→ **Required work**: Without including any pictures, reproduce the full listing exactly.

→ **Information**:
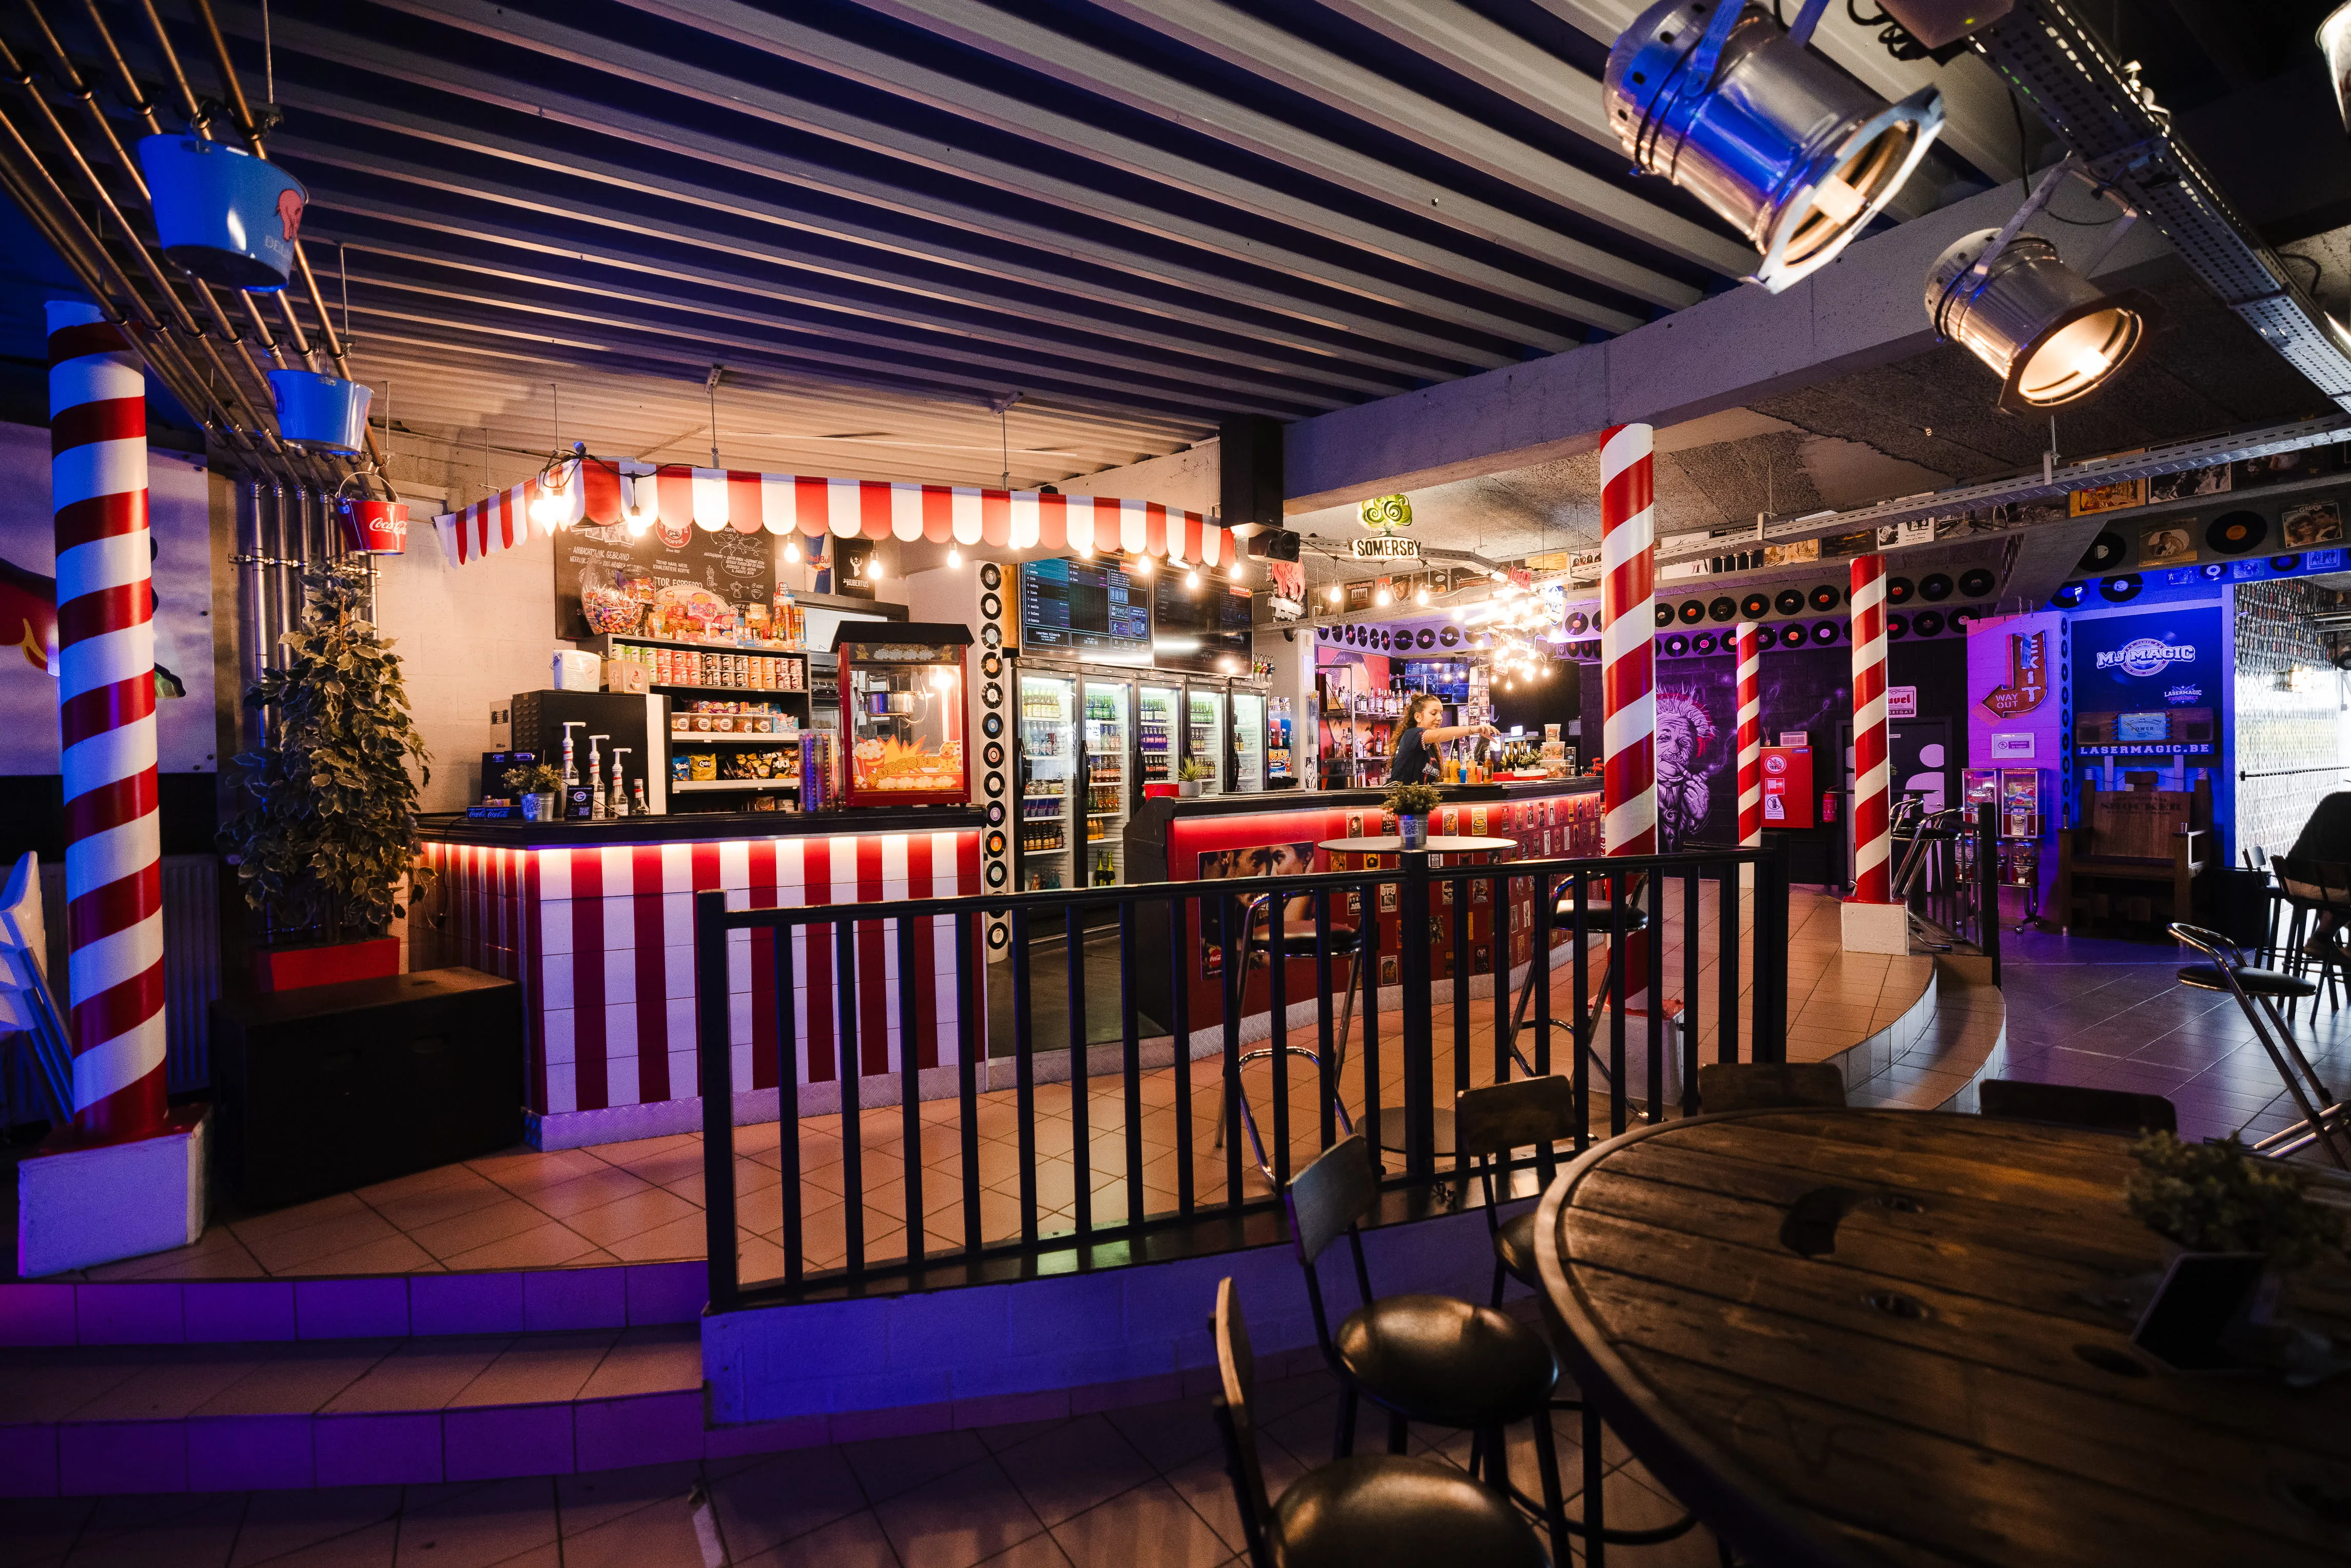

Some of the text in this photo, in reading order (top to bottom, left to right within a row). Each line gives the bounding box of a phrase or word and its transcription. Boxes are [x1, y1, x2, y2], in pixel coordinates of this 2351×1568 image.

[2299, 505, 2322, 513] GREASE
[665, 536, 684, 545] KOFFIE
[1357, 540, 1422, 556] SOMERSBY
[606, 551, 630, 561] GEBRAND
[821, 555, 830, 564] Bull
[653, 564, 677, 572] KWALITATIEVE
[847, 578, 869, 588] HUBERTUS
[2096, 645, 2195, 669] MJ MAGIC
[1889, 694, 1911, 704] uvel
[1995, 693, 2018, 702] WAY
[1996, 701, 2018, 709] OUT
[2080, 744, 2209, 754] LASERMAGIC.BE
[865, 756, 940, 787] POPCORN
[1381, 888, 1396, 896] UFO

→ **Response**:
Some of the text in this photo, in reading order (top to bottom, left to right within a row). Each line gives the bounding box of a phrase or word and its transcription. Boxes are [x1, y1, x2, y2], in pixel coordinates of this 2351×1568 image.

[2299, 505, 2322, 513] GREASE
[665, 536, 684, 545] KOFFIE
[1357, 540, 1422, 556] SOMERSBY
[606, 551, 630, 561] GEBRAND
[821, 555, 830, 564] Bull
[653, 564, 677, 572] KWALITATIEVE
[847, 578, 869, 588] HUBERTUS
[2096, 645, 2195, 669] MJ MAGIC
[1889, 694, 1911, 704] uvel
[1995, 693, 2018, 702] WAY
[1996, 701, 2018, 709] OUT
[2080, 744, 2209, 754] LASERMAGIC.BE
[865, 756, 940, 787] POPCORN
[1381, 888, 1396, 896] UFO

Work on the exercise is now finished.